Columbia Law School Faculty Gather to Celebrate New Book By Professor Robert A. Ferguson

Ferguson's Book Draws Lessons on Solitude and Loneliness From Fictional Characters

New York, March 19, 2013—Dozens of Columbia Law School faculty members gathered recently to celebrate and discuss a new book by Professor Robert A. Ferguson that explores what great works of fiction can teach us about being alone. 

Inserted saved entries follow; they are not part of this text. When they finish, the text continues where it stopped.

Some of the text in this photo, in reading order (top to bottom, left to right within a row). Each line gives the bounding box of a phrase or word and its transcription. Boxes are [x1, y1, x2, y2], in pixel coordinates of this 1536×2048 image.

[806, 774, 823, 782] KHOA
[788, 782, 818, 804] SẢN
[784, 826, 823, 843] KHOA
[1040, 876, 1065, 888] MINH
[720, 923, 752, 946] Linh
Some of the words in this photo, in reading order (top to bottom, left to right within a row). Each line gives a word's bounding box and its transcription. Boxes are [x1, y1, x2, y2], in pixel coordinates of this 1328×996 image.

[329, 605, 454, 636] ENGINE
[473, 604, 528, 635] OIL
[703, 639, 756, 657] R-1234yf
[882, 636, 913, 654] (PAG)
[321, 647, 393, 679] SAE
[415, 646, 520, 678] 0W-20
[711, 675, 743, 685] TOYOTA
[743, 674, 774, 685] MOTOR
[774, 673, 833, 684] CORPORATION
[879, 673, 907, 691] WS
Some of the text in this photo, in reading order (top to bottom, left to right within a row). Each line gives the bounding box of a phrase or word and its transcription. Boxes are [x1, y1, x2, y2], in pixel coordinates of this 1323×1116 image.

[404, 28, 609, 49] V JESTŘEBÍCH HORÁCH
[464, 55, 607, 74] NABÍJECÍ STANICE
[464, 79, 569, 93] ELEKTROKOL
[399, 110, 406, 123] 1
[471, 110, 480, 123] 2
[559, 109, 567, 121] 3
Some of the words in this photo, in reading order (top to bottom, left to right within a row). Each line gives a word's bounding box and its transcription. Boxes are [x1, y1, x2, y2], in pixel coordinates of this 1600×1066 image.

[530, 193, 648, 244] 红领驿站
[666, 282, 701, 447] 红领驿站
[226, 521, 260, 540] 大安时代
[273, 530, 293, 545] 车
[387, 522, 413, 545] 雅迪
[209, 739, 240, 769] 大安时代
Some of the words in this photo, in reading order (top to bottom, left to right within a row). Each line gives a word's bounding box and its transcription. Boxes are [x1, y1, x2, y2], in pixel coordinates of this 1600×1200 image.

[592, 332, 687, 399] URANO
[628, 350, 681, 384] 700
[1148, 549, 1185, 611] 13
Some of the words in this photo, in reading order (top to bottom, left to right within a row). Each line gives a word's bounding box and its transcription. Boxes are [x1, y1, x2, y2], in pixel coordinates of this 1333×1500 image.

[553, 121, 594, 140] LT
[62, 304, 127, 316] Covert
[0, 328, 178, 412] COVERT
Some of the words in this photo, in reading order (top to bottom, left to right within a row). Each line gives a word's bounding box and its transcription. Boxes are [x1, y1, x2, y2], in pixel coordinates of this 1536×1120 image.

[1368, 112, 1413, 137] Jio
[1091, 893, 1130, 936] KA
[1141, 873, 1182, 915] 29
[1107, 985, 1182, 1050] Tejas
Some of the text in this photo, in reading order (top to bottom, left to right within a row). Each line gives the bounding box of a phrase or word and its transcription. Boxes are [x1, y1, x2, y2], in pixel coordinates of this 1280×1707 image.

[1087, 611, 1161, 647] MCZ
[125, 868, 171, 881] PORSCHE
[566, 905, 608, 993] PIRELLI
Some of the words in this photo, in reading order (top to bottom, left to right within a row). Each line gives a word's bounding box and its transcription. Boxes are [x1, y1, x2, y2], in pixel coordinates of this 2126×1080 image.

In Alone in America: The Stories that Matter, Ferguson, the George Edward Woodberry Professor in Law, Literature, and Criticism, uses some of the most famous characters of 19th and 20th century literature—including Mark Twain’s Huck Finn and Toni Morrison’s Sethe and Paul D.—to identify what sustains people in times of loneliness brought on by failure, betrayal, change, defeat, breakdown, fear, difference, age, and loss.
 
Vincent Blasi, the Corliss Lamont Professor of Civil Liberties; Clinical Professor of Law Brett Dignam, and University Professor Kent Greenawalt spoke at the discussion, highlighting the parts of the book that were most meaningful to them.
 
Dignam said the book reminded her of Ferguson’s research and teachings on punishment and incarceration because so many of the fictional men Ferguson writes about end up dying while the fictional women “end up alone, often raising children.”
 
Ferguson said the impetus for his book was a feeling that he should help people deal with the problems they have. According to recent research, more Americans are living alone than ever before.
 
“The isolated characters in American fiction appeal to us through their inward claims of identity when pitted against the pressure of a surrounding community,” Ferguson writes in his prologue. “They appeal because they indicate how we might talk to ourselves when the pressures come our way.”